2.4. Sampling of Blood

At the end of each experiment blood sample was drawn from carotid artery by syringe connected to arterial cannula, centrifuged at 7000 rotation/min. The serum was separated then stored at -20 c in a dark container until measurement of enzymes (lactate dehydrogenase (LDH), creatine kinase–MB (CK-MB) and malondialdehyde (MDA).

2.5. Determination of Myocardial Infarcted Size

At the end of the experiments, each heart was rapidly removed and the left ventricle was cut in 1–2-mm-thick circumferential slices following 20 min of incubation at 37°C in 0.1% solution of tetrazolium in phosphate buffer. Stained viable tissue was carefully separated from unstained necrotic tissue and then weighed by an independent observer. The necrotic mass was expressed as a percentage of the total left ventricular mass (index of infraction size) [26].

2.6. Laboratory Analysis

1). Estimation of lactate dehydrogenase (LDH): Lactate dehydrogenase was measured according to the method described by Moss et al. [27].
2). Estimation of creatine kinase–MB (CK-MB): The enzyme was measured according to the method described by Oliver [28] and modified by Szasz [29].
3). Estimation of malondialdehyde (MDA): It was measured according to the method described by Ohkawa et al. [30].

2.7. Statistical Analysis

In this study due to the small number of rats in each group (N=10) we had a doubt about the use of one way ANOVA as the data may not follow the normal distribution so A one-way ANOVA may yield inaccurate estimates of the P-value when the data are very far from normally distributed. On the other hand the Kruskal–Wallis test does not make assumptions about normality like most non-parametric tests; it is performed on ranked data, so the measurement observations are converted to their ranks in the overall data set [31].
So we used the Kruskal–Wallis test to compare the means of all groups and all the data were expressed as Mean ± Standard Deviation (SD), also we expressed the variance, rank mean, median, and percentiles (25th, 50th and 75th) of all study parameters in all groups. Chi square values and corresponding p values were used to detect significance where p values less than 0.05 were considered significant. All parameters were double checked with ANOVA (data not shown).
All statistical analysis was performed using the Statistical Package for the Social Sciences (SPSS), version 17.0 (SPSS Inc., Chicago, IL, United States).

3. Results

Table 1, 2, 3, 4 and 5 show serum level of lactate dehydrogenase (LDH) (U/L), serum level of creatine kinase –MB (CK-MB) (U/L), serum level of malondialdehyde (MDA) (nmol/ml) and infraction mass expressed as percentage of the left ventricle weight (index of infraction size) in all studied groups expressed as mean ± standard deviation.
In group II (Ischemic group with reperfusion), the mean values were found to be significantly increased (P < 0.001) for all parameters when compared with that of group I (Ischemic Control group).
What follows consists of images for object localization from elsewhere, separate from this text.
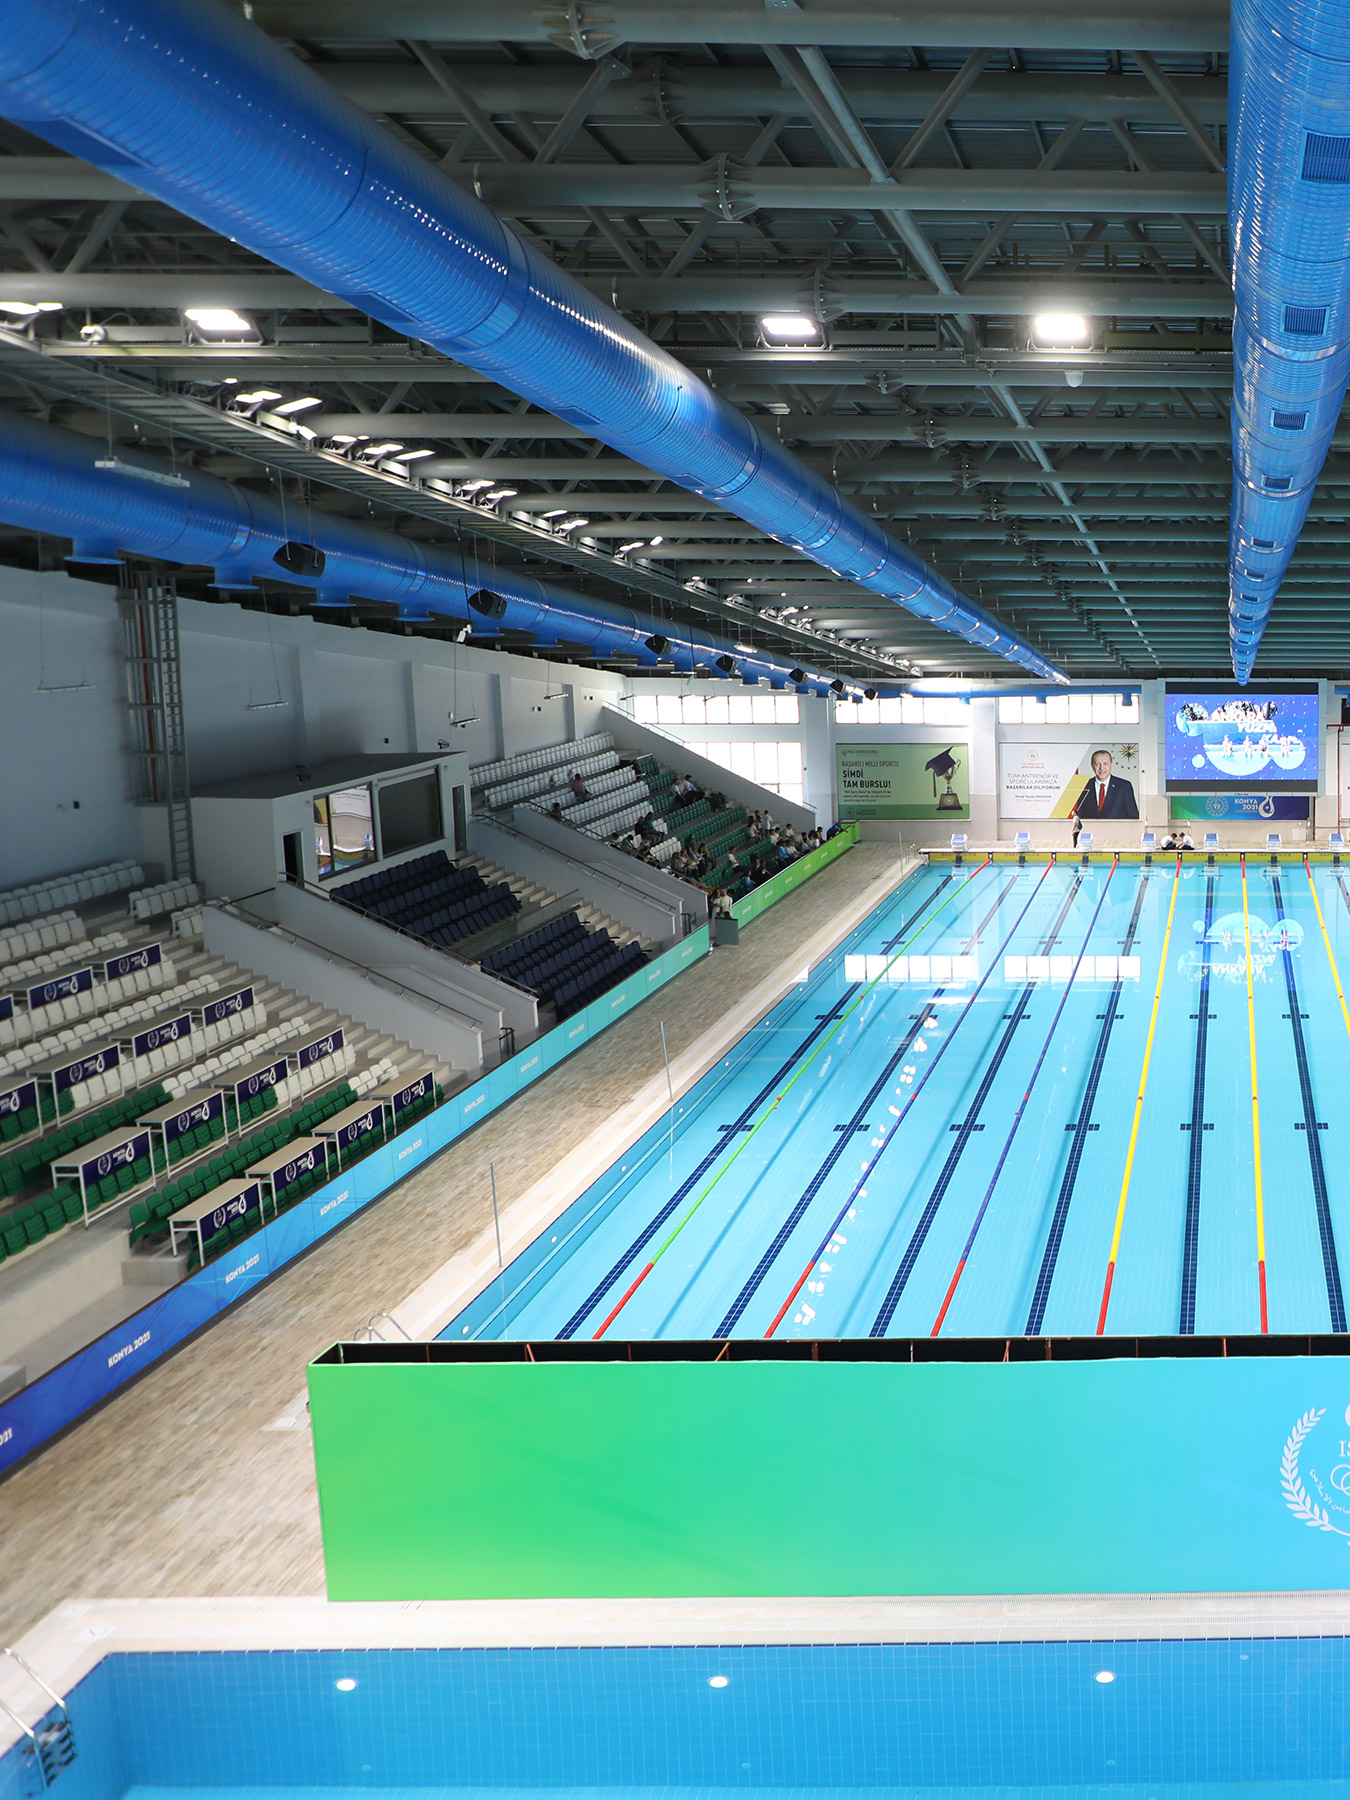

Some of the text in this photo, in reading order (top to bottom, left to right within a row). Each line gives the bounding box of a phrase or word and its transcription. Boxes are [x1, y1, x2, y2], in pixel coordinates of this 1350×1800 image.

[1211, 710, 1266, 721] ANKARA
[842, 769, 864, 778] ŞİMDİ
[842, 780, 891, 788] TAM BURSLU!
[225, 1253, 260, 1285] KONYA 2021
[108, 1330, 151, 1369] KONYA 2021
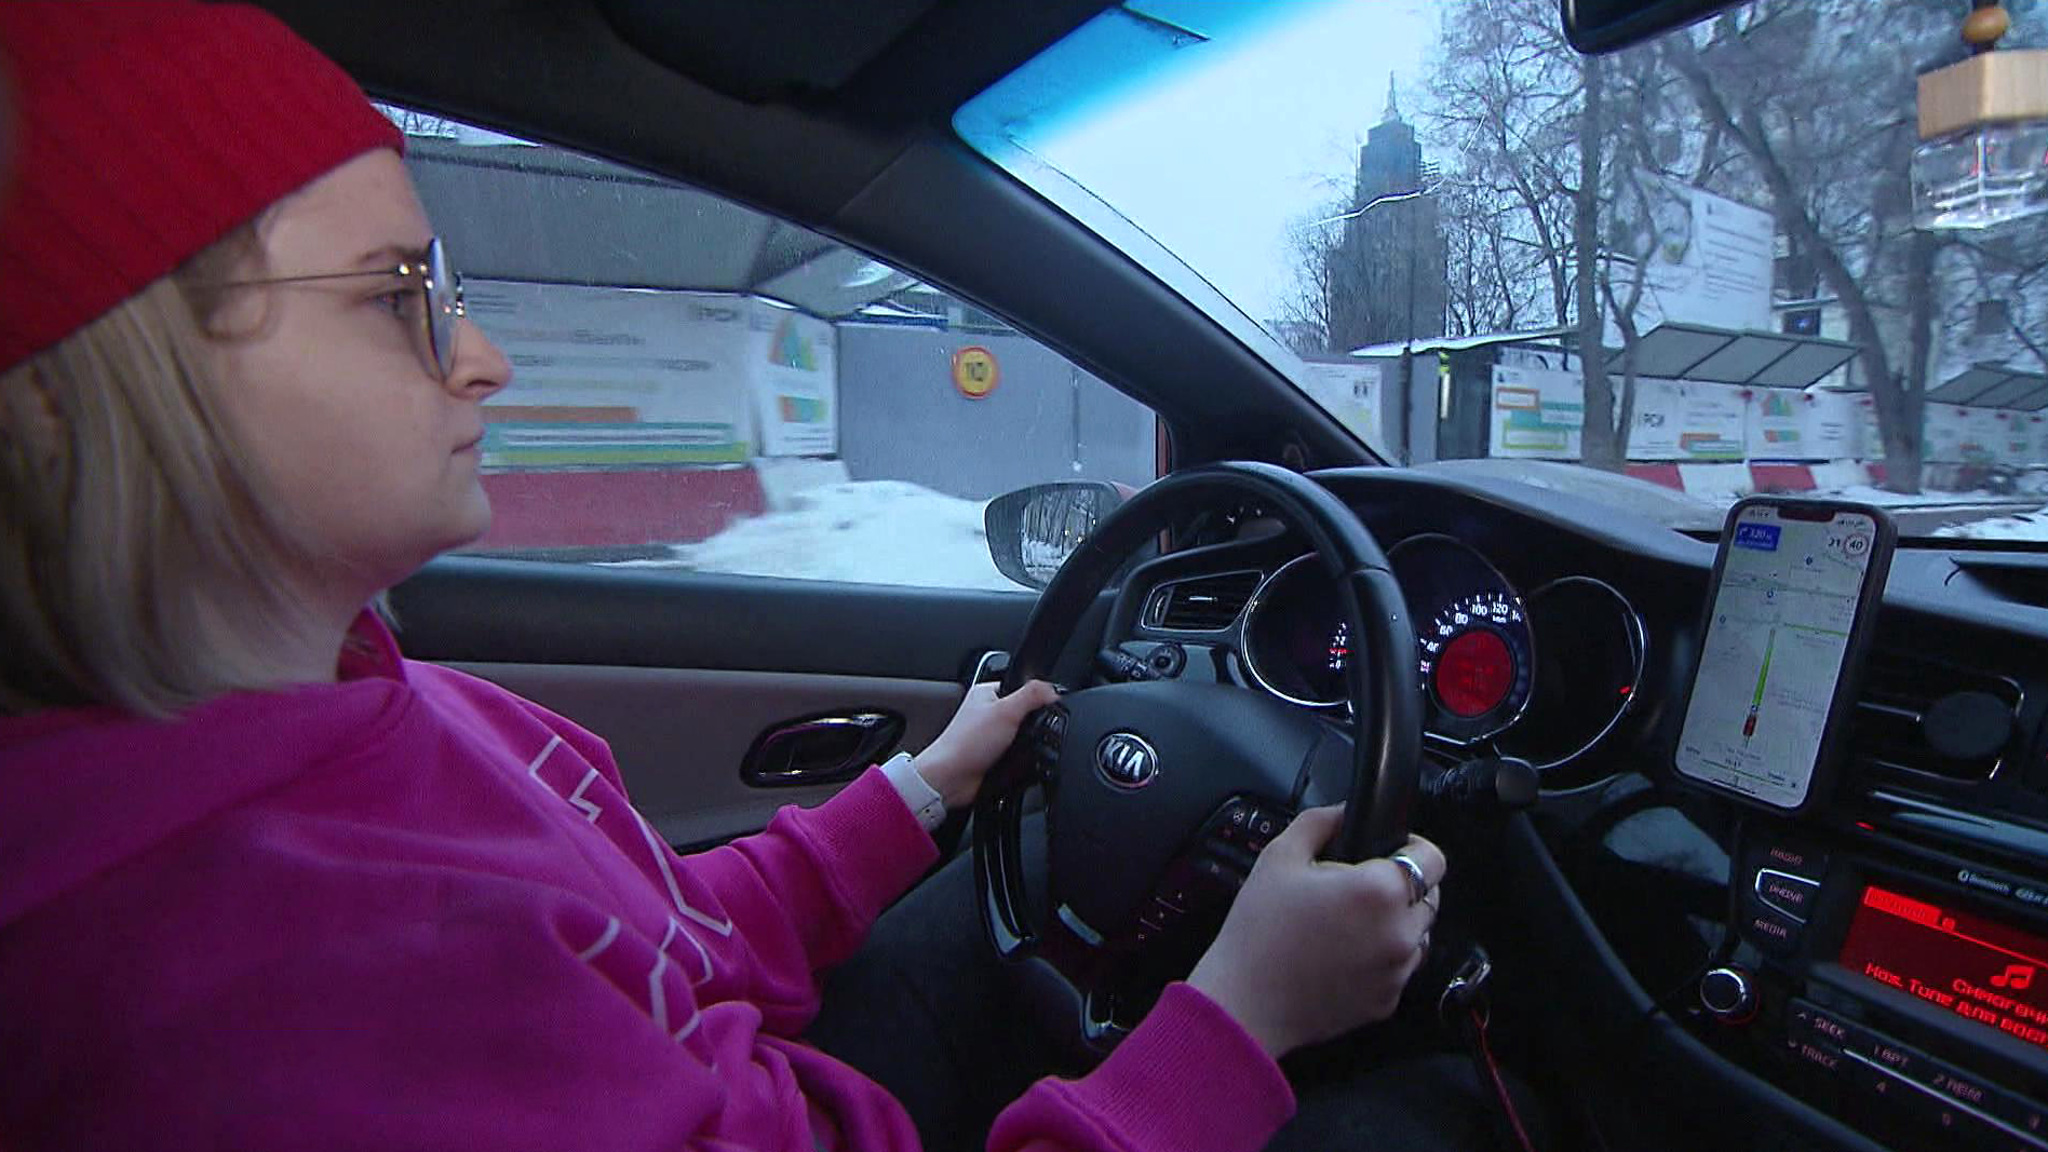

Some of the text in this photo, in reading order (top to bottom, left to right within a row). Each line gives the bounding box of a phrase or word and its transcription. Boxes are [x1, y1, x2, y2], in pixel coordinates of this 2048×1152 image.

[1849, 540, 1863, 550] 40
[1472, 604, 1488, 616] 100
[1493, 602, 1509, 615] 120
[1101, 737, 1145, 778] KIA
[1754, 918, 1788, 939] MEDIA
[1814, 1017, 1846, 1040] SEEK
In group III (Apelin Treated group), the mean values were found to be significantly lower (P < 0.001) for all parameters when compared with that of group II (Ischemic group with reperfusion), however, the mean values were significantly higher (P < 0.001) for all parameters except for infraction mass (P < 0.05) in comparison with that of group I (Ischemic Control group).
Table 1. Serum levels of LDH, CK-MB, MDA and Infraction mass percentage in group I (Ischemic Control group)
     
Table 2. Serum levels of LDH, CK-MB, MDA and Infraction mass percentage in group II (Ischemic group with reperfusion)
     
Table 3. Serum levels of LDH, CK-MB, MDA and Infraction mass percentage in group III (Apelin Treated group)
     
Table 4. Serum levels of LDH, CK-MB, MDA and Infraction mass percentage in group IV (Amlodipine Pre-Treated group)
     
Table 5. Serum levels of LDH, CK-MB, MDA and Infraction mass percentage in group V (Interleukin-1 Receptor Antagonist Treated group)
     
In group IV (Amlodipine Pre-Treated group), the mean values were found to be significantly lower (P< 0.001) for all parameters when compared with that of group II (Ischemic group with reperfusion), however, the mean values were significantly higher (P< 0.001) for all parameters except for infraction mass (P< 0.05) in comparison with that of group I (Ischemic Control group). On comparing group IV (Amlodipine Pre-Treated group) with group III (Apelin Treated group), the mean values were found to be non-significant for all test parameters.
In group V (Interleukin-1 Receptor Antagonist Treated group), the mean values were found to be significantly lower for all parameters when compared with that of group II (Ischemic group with reperfusion), group III (Apelin Treated group) and group IV (Amlodipine Pre-Treated group) (P< 0.001, P< 0.05 and P< 0.05 respectively). However, the mean values were significantly higher in comparison with that of group I (Ischemic Control group) except for infraction mass expressed as percentage of the left ventricle weight (index of infraction size) the mean values were found to be non-significant.

4. Discussion

Ischaemia-reperfusion injury defined as damage of myocardium following blood restoration after a critical period of coronary occlusion. In fact, ischaemia-reperfusion injury is a clinical problem associated procedures such as thrombolysis; angioplasty and coronary bypass surgery which are commonly used to establish the blood reflow and minimize the damage of the heart due to severe myocardial damage [32]. When myocardial cells are damaged or destroyed due to deficient oxygen supply or glucose, the cardiac membrane becomes permeable or may rupture, resulting in leakage of enzymes. These enzymes enter into the blood stream thus increasing their concentration in the serum. So, serum level of lactate dehydrogenase (LDH) and serum CK-MB are well known markers of myocardial infarction [28]. Oxygen free radicals have been implicated in cardiac ischemic injury which can lead to myocardial infarction, excessive free radicals may be generated, so measurement of malondialdehyde (MDA) is a good marker of radical oxidative stress during reperfusion of the ischemic myocardium [33].
In the light of previous data, the present study was designed to clarify and compare the protective effects of Apelin, Amlodipine (long-acting dihydropyridine-type (DHP) calcium channel blocker) and Anakinra (Kineret- Interleukin-1 Receptor Antagonist) on ischemia- reperfusion injury in myocardium of experimental animals as this area of research still not fully explored.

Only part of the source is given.